The advances made by Kumaran can find applications in the area of cardio-vascular and pulmonary health and the two partnerships with the start-ups is just the beginning.
The IISc professor advocated closer interaction between the academia and the start-ups. “Partnering with start-ups is exciting and gives you some idea of what kind of products the real world is interested in. This also gives a very good insight into what it takes to succeed in the real world,” said Kumaran.
At the same time, Kumaran also cautioned that there should be a fine balance between the two worlds. He is of the firm belief that fundamental advances have to be made in the scientific world before one can think about utilising these developments commercially.
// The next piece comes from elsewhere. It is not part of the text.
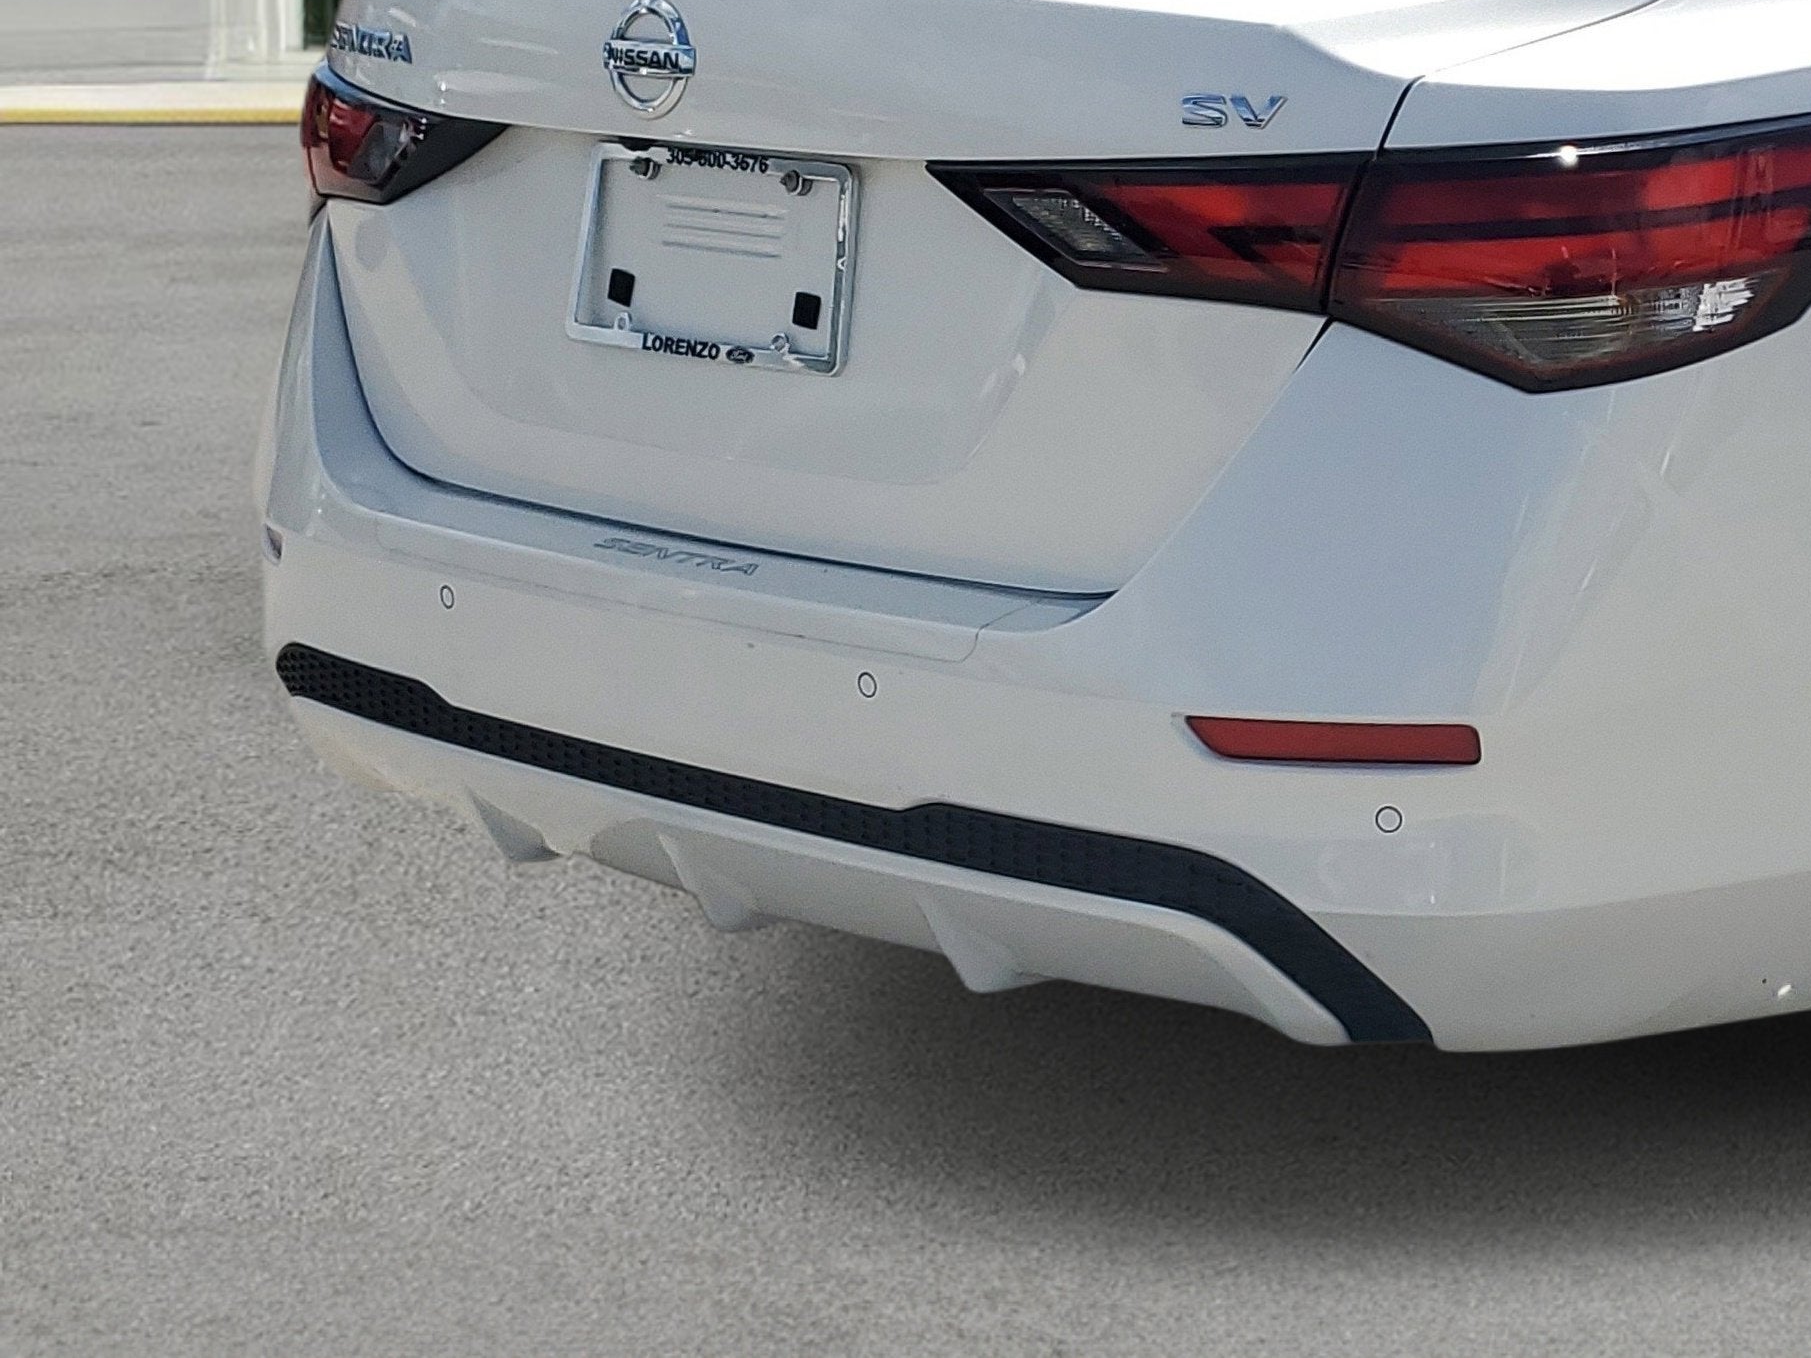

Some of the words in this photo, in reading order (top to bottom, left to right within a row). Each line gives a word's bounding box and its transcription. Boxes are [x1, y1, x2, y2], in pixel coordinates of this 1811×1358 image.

[608, 46, 680, 70] NISSAN
[1181, 93, 1288, 130] SV
[642, 332, 721, 360] LORENZO
[594, 538, 759, 576] SENTRA
According to Kumaran, an increasing number of tech start-ups are keen to engage with the academia to see whether some of the latter’s research could lead to a viable business while also having a larger social impact. “The fundamental thing is the dissemination and creation of knowledge,” he said.
However, there is still a long way to travel before the country can talk about achieving the critical mass in terms of fruitful results coming out of these academia-startup partnerships. Along with this, there are certain challenges in terms of manufacturing as the eco-system is not fully developed.
“The environment is there to create a strong knowledge based economy in the country as new technologies are emerging and there is nothing stopping us from reaching there,” said Kumaran.